- [DATASET EXCERPTS]:
--------

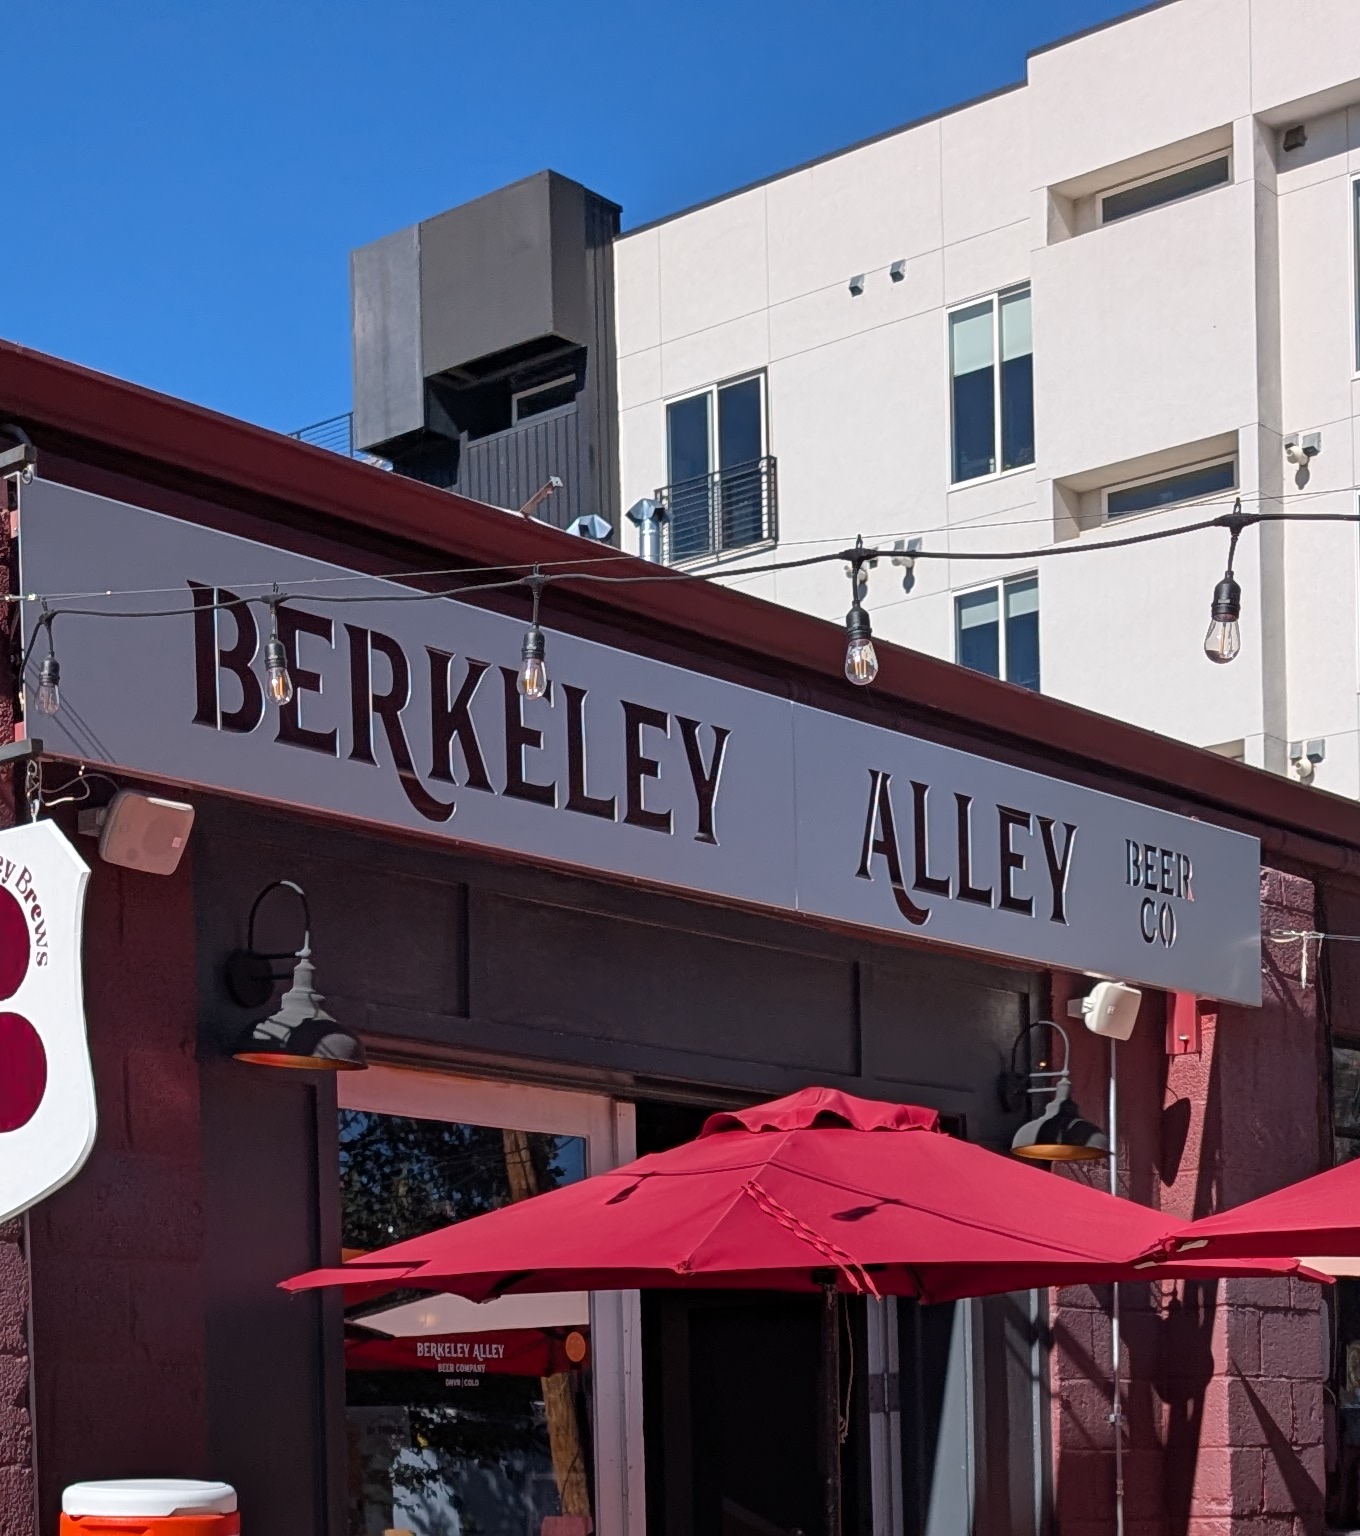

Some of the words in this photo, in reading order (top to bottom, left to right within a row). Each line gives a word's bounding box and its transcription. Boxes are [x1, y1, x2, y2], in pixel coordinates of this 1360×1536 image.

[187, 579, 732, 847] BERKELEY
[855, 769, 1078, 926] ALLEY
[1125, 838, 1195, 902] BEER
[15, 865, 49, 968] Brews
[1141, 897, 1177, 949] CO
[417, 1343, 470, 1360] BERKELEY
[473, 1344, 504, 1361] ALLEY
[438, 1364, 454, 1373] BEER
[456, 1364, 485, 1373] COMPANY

--------

- [ACTION ITEM]: I'd like the material repeated word for word, without the pictures it holds.

- [EXPECTED OUTPUT]:
Some of the words in this photo, in reading order (top to bottom, left to right within a row). Each line gives a word's bounding box and its transcription. Boxes are [x1, y1, x2, y2], in pixel coordinates of this 1360×1536 image.

[187, 579, 732, 847] BERKELEY
[855, 769, 1078, 926] ALLEY
[1125, 838, 1195, 902] BEER
[15, 865, 49, 968] Brews
[1141, 897, 1177, 949] CO
[417, 1343, 470, 1360] BERKELEY
[473, 1344, 504, 1361] ALLEY
[438, 1364, 454, 1373] BEER
[456, 1364, 485, 1373] COMPANY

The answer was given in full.